"All is fair in love and war” - I can't remember where I read the quote,
but I am sure whoever wrote it knew exactly what war is like, appearing to
legalise whatever is done and annulling norms. Linking the inner experience
of war and love also seems appropriate – associating the divine with the
profane, the diabolical and angelic. In both cases the person involved loses
his mind. But it is one thing go out of your mind because you are deeply in
love, and another because war has stolen everything from you, even your
heart and mind.
It was with this analysis that I started my day. Take my sister-in-law. The
24-year-old Syrian girl my brother fell in love with seven years ago. They
challenged her parents , who rejected the relationship because we are a
Palestinian family. But they did the impossible. They married last year,
just as the first sparkles of revolutionary chaos hit the capital Damascus.
Her parents have now fled to Jordan following a bombing near their house. She
is all alone, with both her husband and parents out of the country. My dad,
mom and I are all that remain for her.
Her husband Abed, my elder brother, cried bitterly on his last night here. He
had been forced to leace his new, cosy house that had been bombed. He left
his memories, his friends and most importantly his 60-year-old father,
50-year-old mother and his beloved wife. A war dashing their dreams of
having a baby. They dared not have such great dreams now. A baby can wait.

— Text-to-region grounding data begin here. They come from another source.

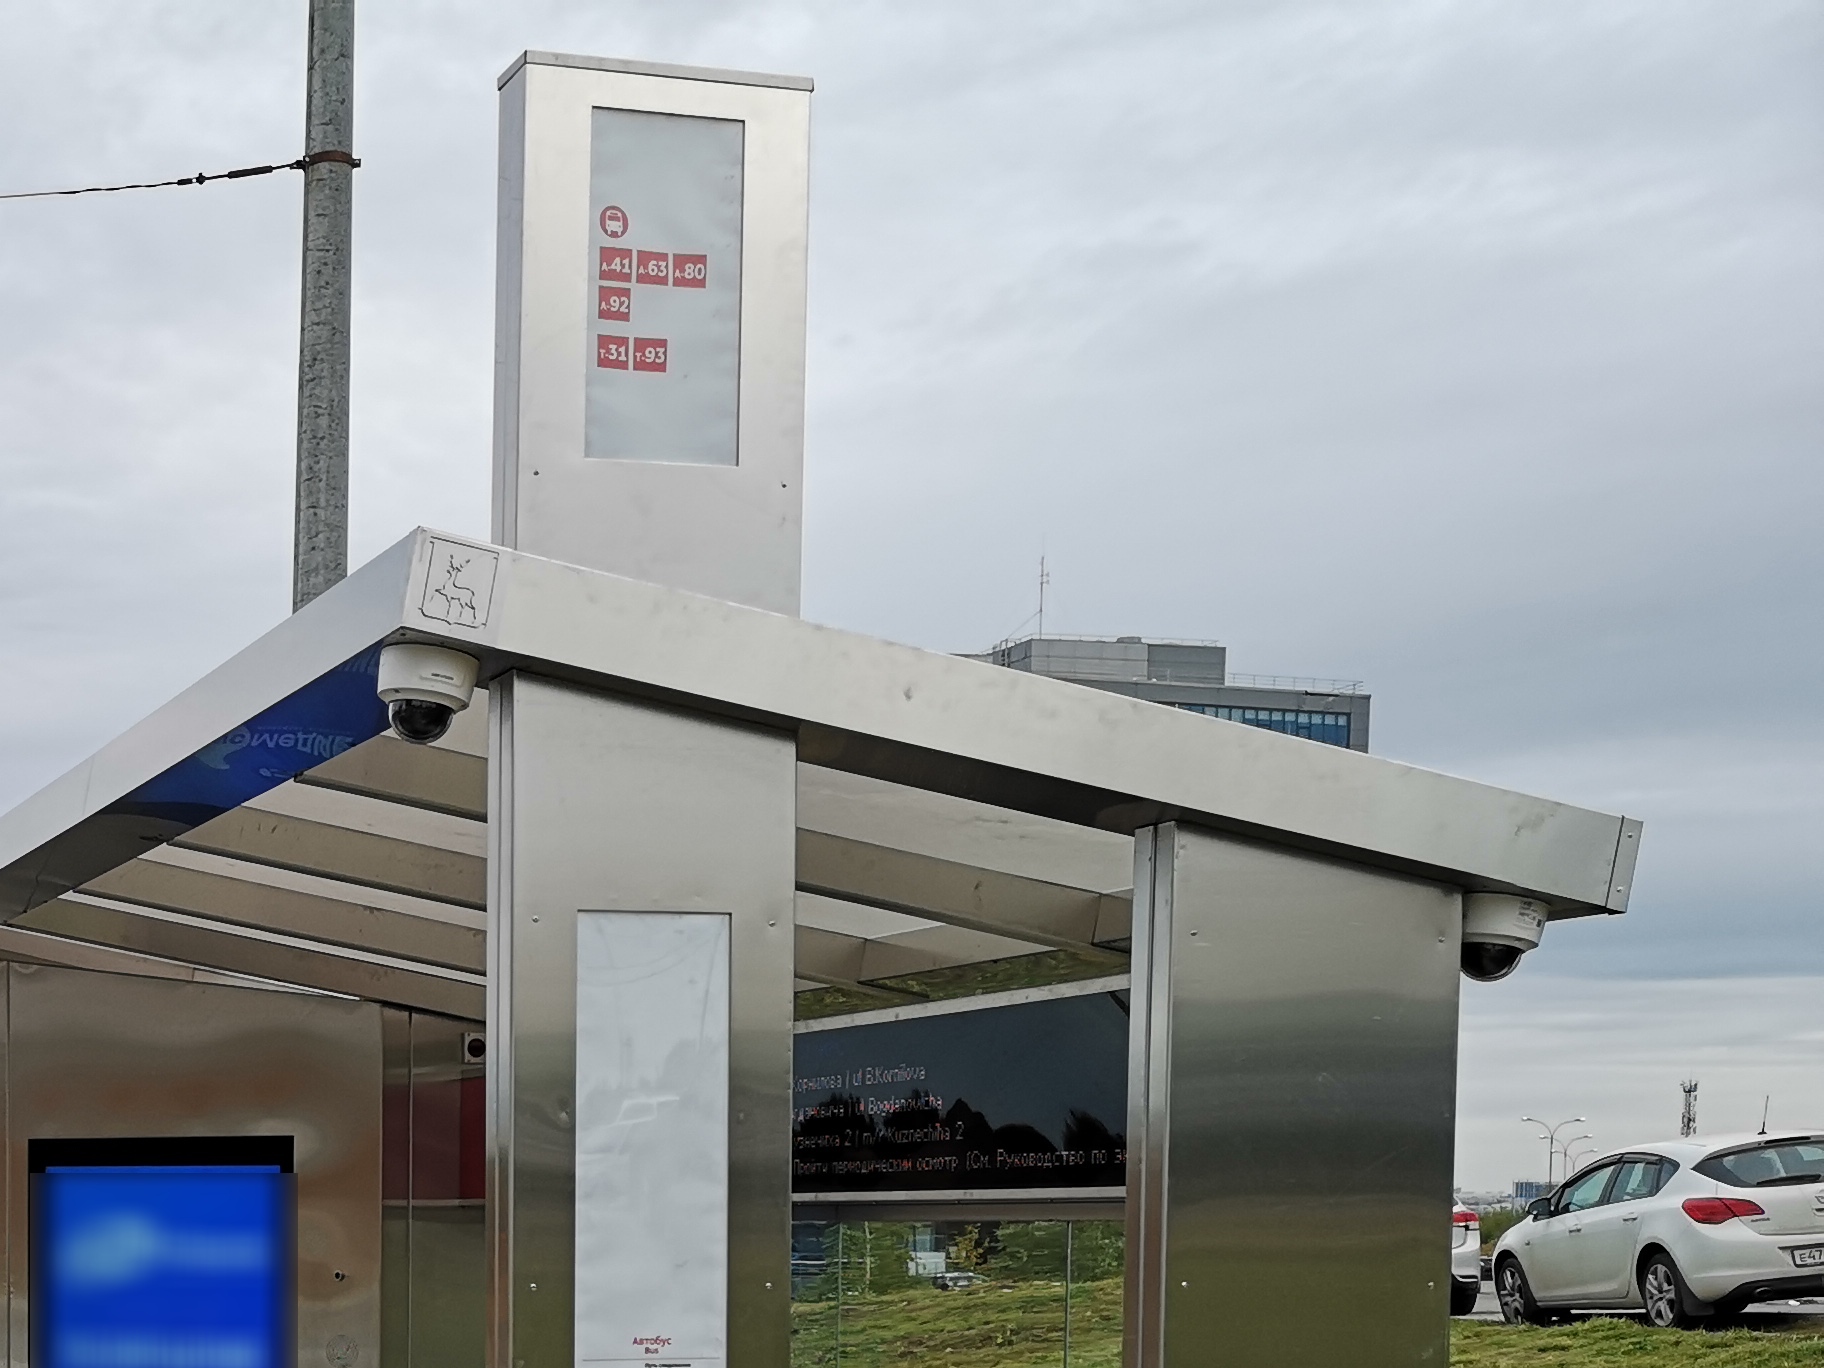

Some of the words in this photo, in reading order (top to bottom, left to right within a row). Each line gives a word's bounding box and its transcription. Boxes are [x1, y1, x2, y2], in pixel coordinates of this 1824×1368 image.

[601, 256, 631, 274] А-41
[638, 260, 667, 277] А-63
[674, 263, 706, 280] А-80
[600, 296, 630, 313] А-92
[599, 344, 628, 361] Т-31
[635, 347, 666, 364] Т-93
[955, 1121, 965, 1140] 2
[996, 1149, 1085, 1170] Руководство
[1091, 1150, 1108, 1164] по
[632, 1336, 672, 1347] Автобус

But war is greedy. It won’t wait, but rapes the human souls.
My thoughts move to Mazen, my lovely younger brother. The one who struggled
with the waves of the Mediterranean; the cruelty of the smugglers, the fear
of nine dark nights in the middle of a churning sea. His depression at
having left his top marks at high school which could have given him the
opportunity of going to the University of Engineering. He, too, abandoned
his dreams. He abandoned me….
On the first leg of his journey in Egypt he told me about a girl who was with
him in the same group. He has become attached to her. When he called me on
Viber asking me what to do, I yelled "Yeah why not, all you need is a
love story to make the trip more interesting, go for it , don't stop".
And he began talking to her on the boat until they were forced to split the
main group into smaller groups and move them onto different boats.

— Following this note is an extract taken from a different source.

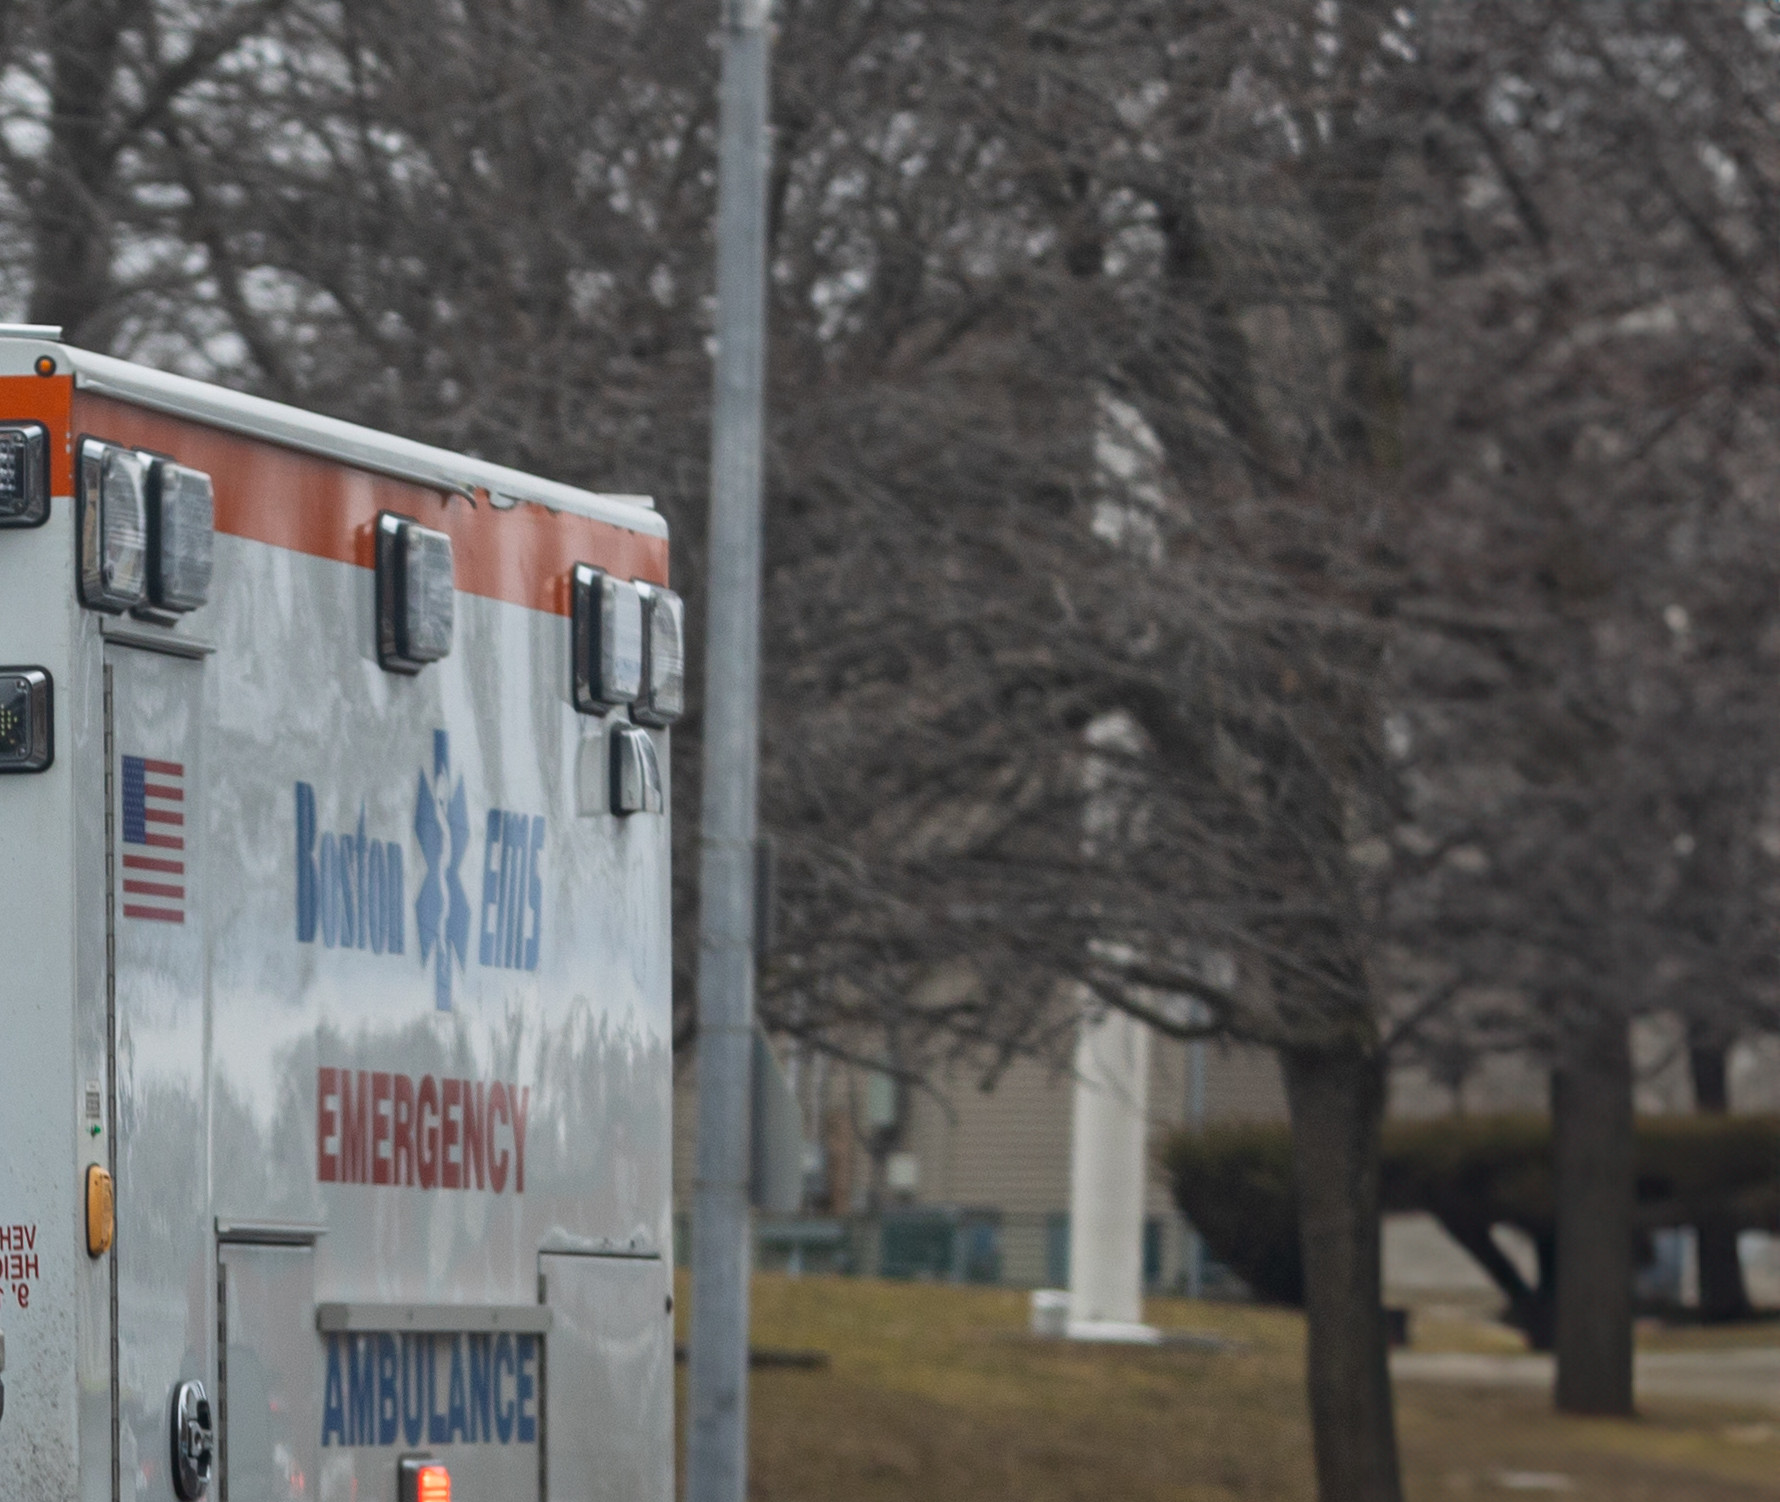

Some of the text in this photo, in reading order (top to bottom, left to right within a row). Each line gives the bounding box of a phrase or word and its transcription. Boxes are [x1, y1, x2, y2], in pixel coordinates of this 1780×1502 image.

[295, 780, 546, 972] Boston EMS
[317, 1066, 531, 1194] EMERGENCY
[321, 1331, 537, 1448] AMBULANCE

That was the last time he saw her. Yesterday he was desperate when he called. "I
thought she would be the love of my life. I even forgot the happiness of
being in Italy after all the agony we went through. I searched for her but
in vain, I couldn’t find her anywhere. When we were in the boat in the
middle of the sea, she was my hope for survival."
And me. I have suffered the same emotional failure after 18 months with Brad,
and I don’t know what will happen next. We had decided to get engaged and
then married. But that was before his mother and two young sisters were
kidnapped. He is from a well-known family with a famous surname.
Because someone in the family is against the regime, their reputation was
dashed and anyone with their name can be arrested for no reason. Presenting
an ID card bearing the name at one of the many checkpoints throughout the
city is enough.
When the war started, people began to lose each other. I know a lot of couples
who split up because they didn’t agree. One was for and one against. There
were my girlfriends who cannot find their boyfriends who may be in prison or
dead. People have lost hope and feel that Syria is their tomb. They are the
living dead in this tomb that is Syria. Not because they want to live, but
because they have no other choices than to die in an explosion, from a
rocket blast or from a bullet. These are their choices, but not mine.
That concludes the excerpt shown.